Grappling with student sexual aggression
Elementary and secondary schools have mostly avoided issue colleges have been forced to confront
AFOREST GROVE, Ore. n Oregon school district was intent on identifying warning signs that students might be contemplating a campus shooting when they stumbled on a threat far more pervasive yet much less discussed — sexual aggression among classmates.
Unsure at first what to do, the districts adapted the same early-intervention approach used to handle potential school shooters: Based on observations or tips, school staff now quietly keep an eye on kids they worry are sexually aggressive.
Parents help the school try to understand why their child is acting out. And the school intervenes if behavior threatens to escalate, whether the student is a kindergartner or about to graduate.
This awakening puts the districts at the forefront of grass-roots efforts to grapple with a sensitive and complex challenge that U.S. universities already have been forced to confront but elementary and secondary schools have mostly avoided.
A yearlong Associated Press investigation uncovered about 17,000 official reports of sexual assaults by students over a recent four-year period, a figure that doesn’t fully capture the problem because such violence is greatly underreported and some states don’t track it.
AP also found that only 18 states required training for teachers, school administrators or students focused on peer-on-peer sexual assaults. There’s no K-12 equivalent to the federal law that requires colleges to track student sexual assaults, provide services to victims and devise prevention programs.
To fill the void, technology companies have joined school districts, students and parents in trying novel approaches to curtail student-onstudent attacks.
No single attack prompted the Forest Grove School District to monitor students. Instead, administrators were encountering a succession of situations they didn’t know how to handle, such as unwanted groping.
“The principals were just asking: ‘What should we do?’ ” said Kimberley Shearer, coordinator for the new Sexual Incident Response Committee at the 6,000-student district.
Experts who have treated young sexual offenders stress the value of early intervention, and research cites the importance of a culture that encourages students to report incidents without fear of retaliation and with the expectation that adults will do the right thing.
That kind of trust is essential in Forest Grove, where school officials have learned the difference between age-appropriate experimentation and dangerous sexual behavior, Shearer said. Officials may be able to scan social media, but the kids know what’s really going on. To discuss the more serious cases, a group of school administrators meets regularly in the basement of district headquarters in this rural, farming district between Portland and the Pacific Ocean. Also at the table are local law enforcement, juvenile social workers, child protection officials and a psychologist.
Students have begun organizing their own efforts to fight sexual assault in grade schools. Groups such as SafeBAE and Know Your IX encourage activism and coach fellow students on the power of bystander intervention and rights under Title IX, the U.S. law increasingly used to address school sexual violence and harassment.
The video and in-person presentations that SafeBAE offer come from high school sex assault survivors who co-founded the group.
Teenagers tend to be skeptical of advice from adults, so the peer-to-peer approach helps the message resonate, said Shael Norris, the group’s executive director.

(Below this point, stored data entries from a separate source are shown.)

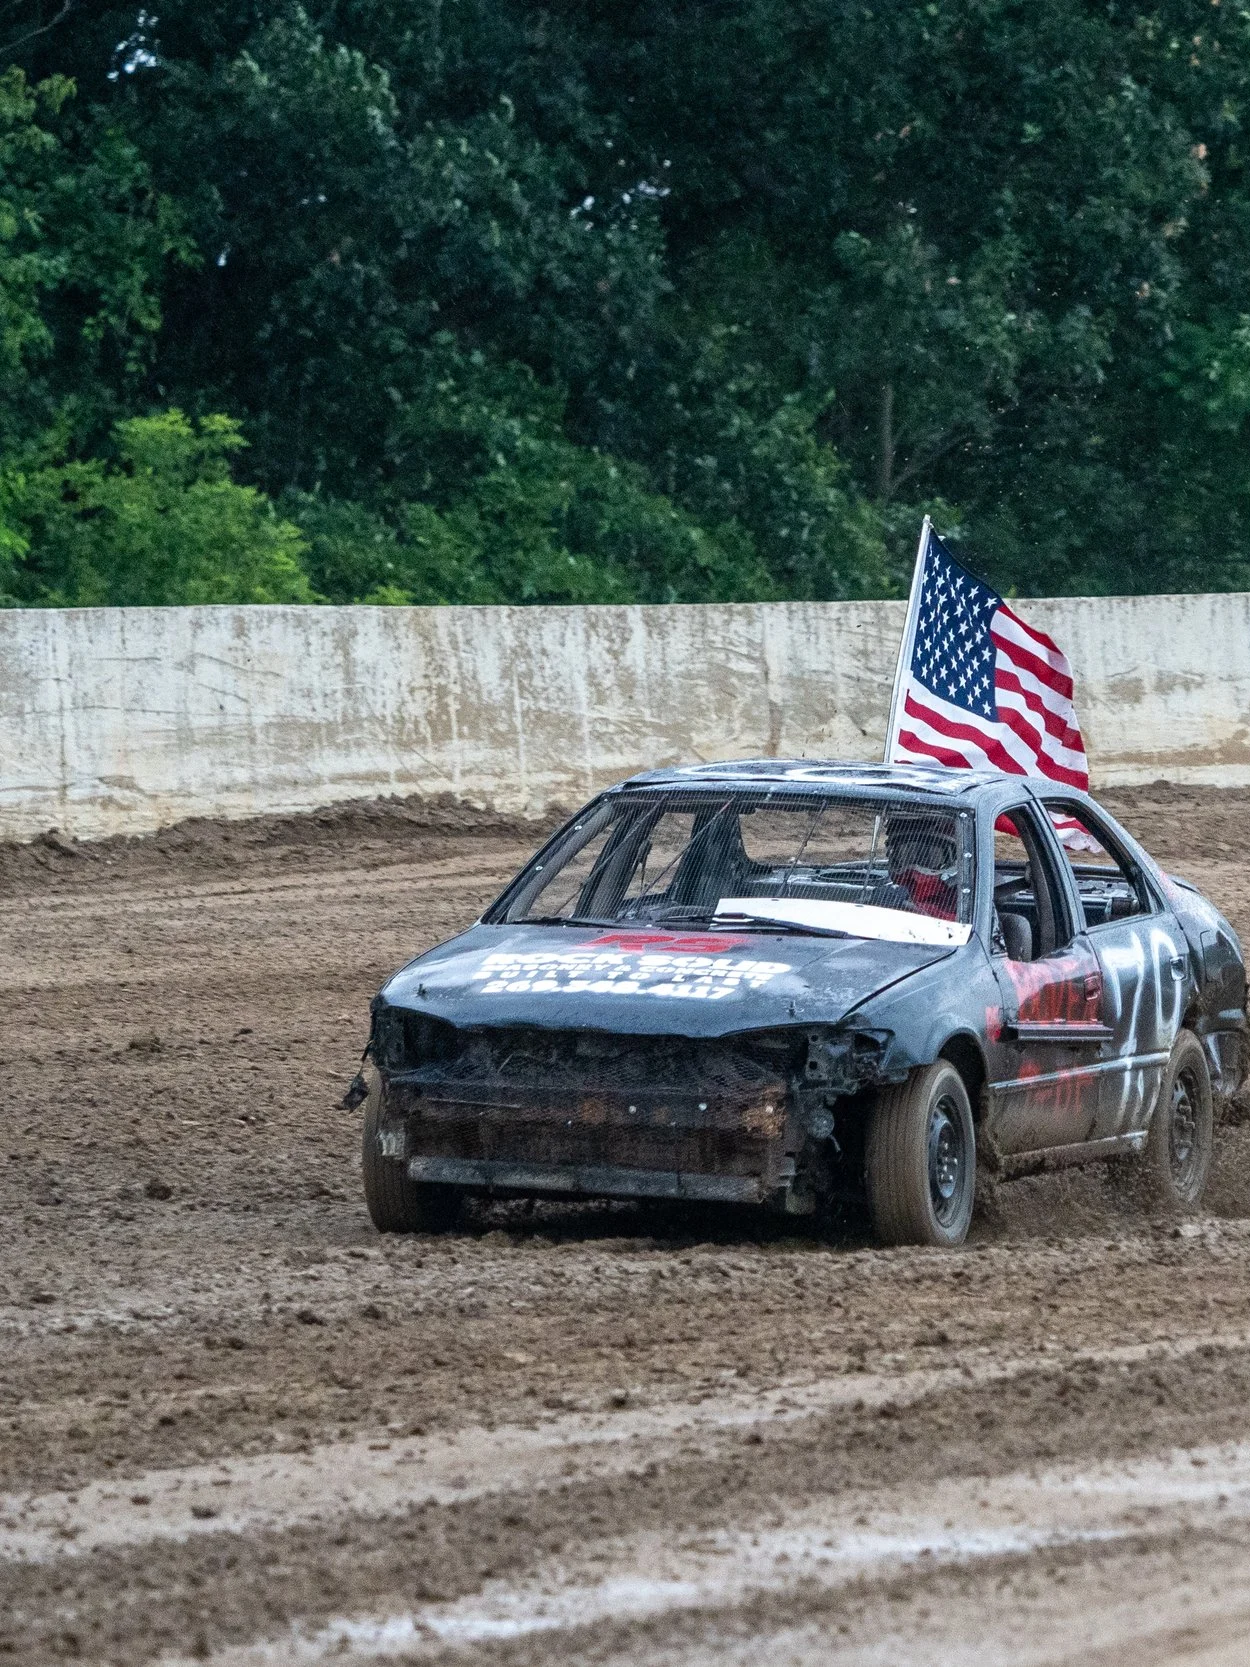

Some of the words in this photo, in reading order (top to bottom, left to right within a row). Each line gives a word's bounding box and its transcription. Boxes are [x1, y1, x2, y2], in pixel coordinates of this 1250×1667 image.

[479, 963, 610, 971] MASONRY
[639, 965, 774, 981] CONCRETE
[482, 952, 632, 965] ROCK
[636, 955, 792, 974] SOLID
[472, 970, 584, 980] BUILT
[607, 971, 650, 980] TO
[671, 974, 768, 988] LAST

Signs that such student-led activism has taken root also are evident in cases in which reluctant school districts were prodded to respond to sex assault allegations.
Last September, police began investigating after a Kansas district received a report a boy had attacked a girl in a school bathroom. Students and parents didn’t find out until local news broke the story about a week later.
Feeling blindsided, a group of students at Shawnee Mission East High School in suburban Kansas City mobilized a response: Rally classmates to wear black clothing the next day.
Social media spread the word as #WearBlackToStopAttacks, and several hundred students participated — as did more than a dozen schools in the region.
“Typically when you hear about quieted sexual assaults, it’s on college campuses,” said senior Katie Kuhlman, who helped organize the action, along with Brena Levy. “So hearing that it had happened at our school, but not from our administration, it was like a red flag.”